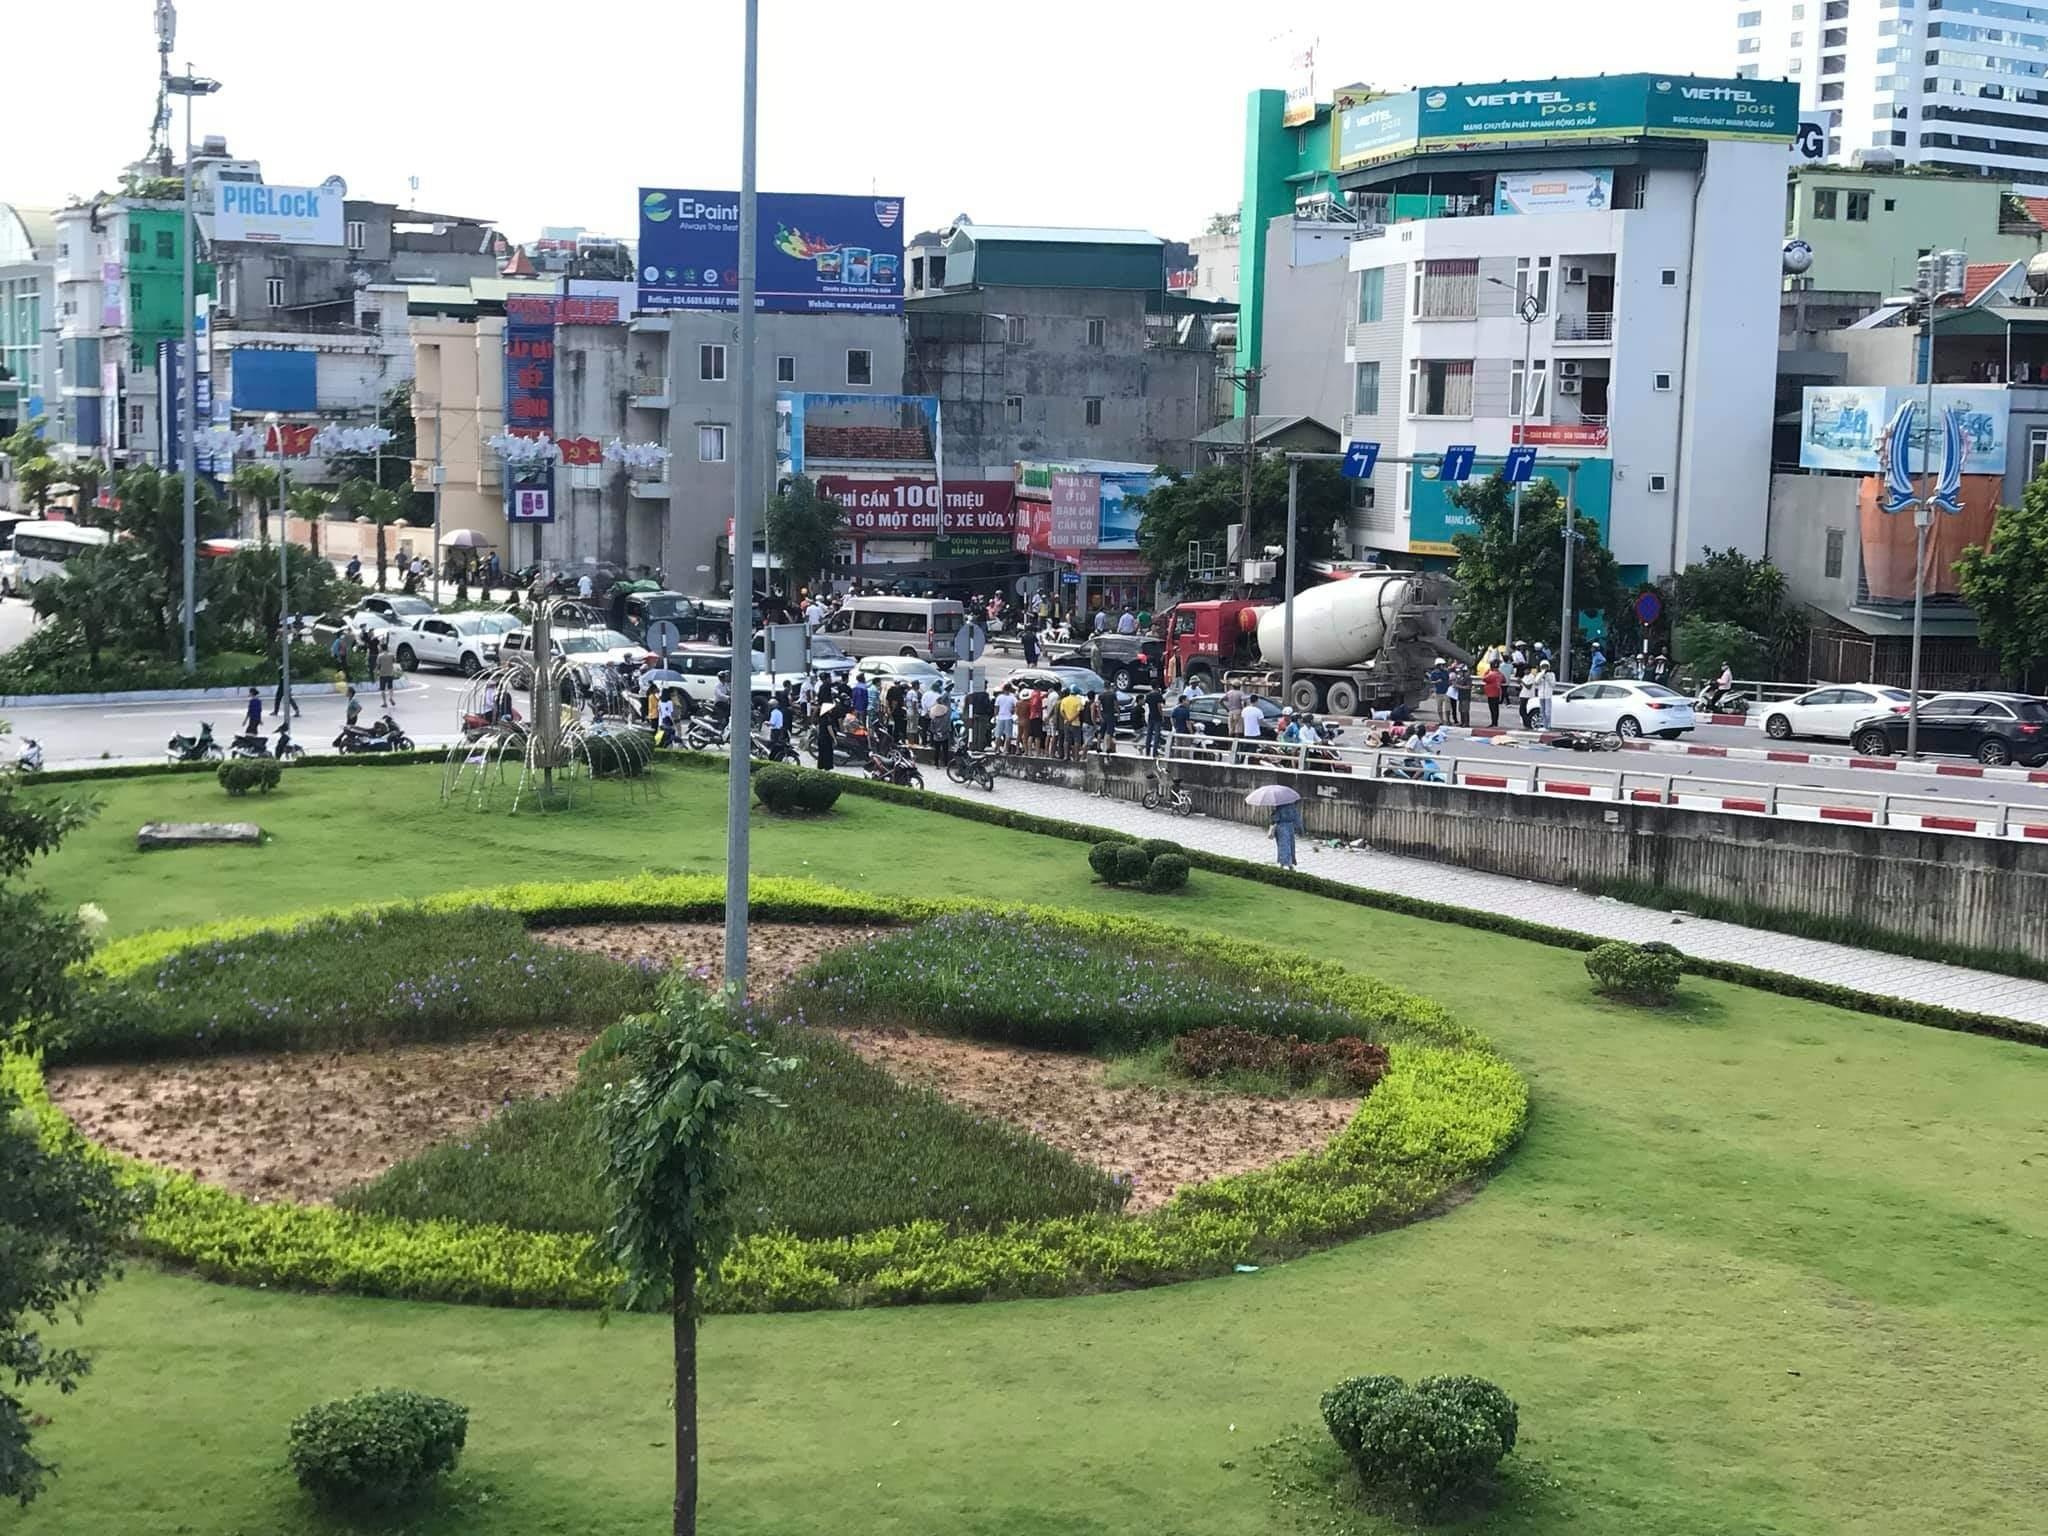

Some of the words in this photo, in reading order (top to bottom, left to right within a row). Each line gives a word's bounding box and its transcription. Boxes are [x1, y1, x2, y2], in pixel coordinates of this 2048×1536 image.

[1465, 91, 1570, 107] VIETTEL
[1681, 87, 1757, 102] VIETTEL
[1541, 101, 1597, 116] post
[1736, 103, 1776, 115] post
[945, 490, 984, 510] TRIỆU
[856, 511, 874, 527] CÓ
[878, 510, 909, 530] MỘT
[912, 513, 953, 527] CHIC
[956, 513, 974, 527] XE
[977, 510, 1004, 527] VỪA

*****

### WHAT YOU NEED TO DO
The data above must be copied exactly. Leave out the pictures.

### WRITTEN SOLUTION
Some of the words in this photo, in reading order (top to bottom, left to right within a row). Each line gives a word's bounding box and its transcription. Boxes are [x1, y1, x2, y2], in pixel coordinates of this 2048×1536 image.

[1465, 91, 1570, 107] VIETTEL
[1681, 87, 1757, 102] VIETTEL
[1541, 101, 1597, 116] post
[1736, 103, 1776, 115] post
[945, 490, 984, 510] TRIỆU
[856, 511, 874, 527] CÓ
[878, 510, 909, 530] MỘT
[912, 513, 953, 527] CHIC
[956, 513, 974, 527] XE
[977, 510, 1004, 527] VỪA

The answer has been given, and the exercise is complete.